= Royal free city =

Cities in the Kingdom of Hungary

A royal free city, or free royal city (libera regia civitas), was the official term for the most important cities in the Kingdom of Hungary from the late 12th century to the Hungarian Revolution of 1848.

The cities were granted certain privileges by the King of Hungary to prevent their control by the Hungarian nobility, hence "royal", and exercised some self-government in relation to their internal affairs and so were "free". From the late 14th century, the elected envoys of the royal free cities participated in the sessions of the Hungarian Diet and so they became part of the legislature. This list also includes cities in the Kingdom of Croatia and the Banate of Bosnia, which were part of the Lands of the Hungarian Crown.
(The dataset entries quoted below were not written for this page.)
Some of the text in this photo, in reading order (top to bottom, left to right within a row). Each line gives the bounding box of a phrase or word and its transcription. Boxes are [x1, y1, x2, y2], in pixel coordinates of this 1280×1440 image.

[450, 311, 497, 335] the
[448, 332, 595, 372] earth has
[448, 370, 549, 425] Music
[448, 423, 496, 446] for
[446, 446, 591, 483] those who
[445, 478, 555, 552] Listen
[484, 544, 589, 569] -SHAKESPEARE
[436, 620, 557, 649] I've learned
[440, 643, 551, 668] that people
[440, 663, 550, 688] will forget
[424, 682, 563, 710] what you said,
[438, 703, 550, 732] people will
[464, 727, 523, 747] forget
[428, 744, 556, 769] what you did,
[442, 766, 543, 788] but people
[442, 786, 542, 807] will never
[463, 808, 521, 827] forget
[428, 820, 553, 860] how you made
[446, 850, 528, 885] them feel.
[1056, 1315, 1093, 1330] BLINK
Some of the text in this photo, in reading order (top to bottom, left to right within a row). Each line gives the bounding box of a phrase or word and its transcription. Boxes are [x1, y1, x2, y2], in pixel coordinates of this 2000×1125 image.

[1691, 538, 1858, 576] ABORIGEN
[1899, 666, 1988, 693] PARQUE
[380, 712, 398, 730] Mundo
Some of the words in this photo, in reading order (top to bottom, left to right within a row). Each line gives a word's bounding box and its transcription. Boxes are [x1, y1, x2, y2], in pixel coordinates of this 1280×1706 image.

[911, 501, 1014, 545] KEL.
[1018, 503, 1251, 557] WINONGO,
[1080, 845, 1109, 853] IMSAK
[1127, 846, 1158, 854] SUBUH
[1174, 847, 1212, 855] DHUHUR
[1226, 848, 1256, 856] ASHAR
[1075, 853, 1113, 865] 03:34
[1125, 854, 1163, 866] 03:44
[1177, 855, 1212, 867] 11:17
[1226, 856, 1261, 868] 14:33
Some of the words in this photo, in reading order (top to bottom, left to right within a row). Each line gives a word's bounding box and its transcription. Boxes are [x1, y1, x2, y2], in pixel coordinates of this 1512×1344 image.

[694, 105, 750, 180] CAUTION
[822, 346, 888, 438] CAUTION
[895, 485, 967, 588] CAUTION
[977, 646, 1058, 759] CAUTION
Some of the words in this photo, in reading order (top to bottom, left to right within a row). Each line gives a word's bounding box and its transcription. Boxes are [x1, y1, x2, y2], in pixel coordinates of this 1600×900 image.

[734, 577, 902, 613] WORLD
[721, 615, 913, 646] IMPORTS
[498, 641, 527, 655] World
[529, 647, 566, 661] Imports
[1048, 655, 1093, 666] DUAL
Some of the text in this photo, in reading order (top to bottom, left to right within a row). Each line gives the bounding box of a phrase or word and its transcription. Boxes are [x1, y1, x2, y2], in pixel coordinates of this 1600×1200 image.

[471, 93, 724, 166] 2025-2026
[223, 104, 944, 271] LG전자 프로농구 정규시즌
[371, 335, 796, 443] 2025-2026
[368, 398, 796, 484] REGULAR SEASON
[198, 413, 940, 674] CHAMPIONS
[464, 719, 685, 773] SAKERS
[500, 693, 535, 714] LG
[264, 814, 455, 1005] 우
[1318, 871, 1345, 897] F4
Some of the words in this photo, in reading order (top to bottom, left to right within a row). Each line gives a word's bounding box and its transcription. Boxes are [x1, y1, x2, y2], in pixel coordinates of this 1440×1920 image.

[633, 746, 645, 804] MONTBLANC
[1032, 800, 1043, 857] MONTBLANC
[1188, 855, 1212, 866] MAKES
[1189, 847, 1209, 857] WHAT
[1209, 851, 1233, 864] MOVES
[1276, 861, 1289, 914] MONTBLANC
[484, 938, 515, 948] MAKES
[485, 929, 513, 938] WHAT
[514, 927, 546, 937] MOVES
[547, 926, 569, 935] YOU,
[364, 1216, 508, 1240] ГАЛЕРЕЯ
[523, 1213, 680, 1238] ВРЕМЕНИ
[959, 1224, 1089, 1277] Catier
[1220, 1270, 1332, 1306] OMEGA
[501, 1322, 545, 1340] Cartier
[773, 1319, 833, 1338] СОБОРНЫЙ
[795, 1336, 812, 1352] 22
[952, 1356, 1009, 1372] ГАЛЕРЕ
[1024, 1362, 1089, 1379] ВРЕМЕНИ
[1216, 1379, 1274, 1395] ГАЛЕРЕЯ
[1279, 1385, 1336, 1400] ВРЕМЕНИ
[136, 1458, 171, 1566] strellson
A royal town had a ruling council, usually with members elected for life, and was headed by a prior (a prince or a mayor), who in turn had a captain and a judge, which were all temporary elected positions. All citizens were considered ennobled.

The term "royal free city" in the kingdom's languages is as follows:
- Libera regia civitas
- Szabad királyi város
- Königliche Freistadt
- Oraș liber regesc
- Slobodné kráľovské mesto
- Slobodni kraljevski grad
- Слободни краљевски град

They had a status similar to the free imperial cities in the Holy Roman Empire.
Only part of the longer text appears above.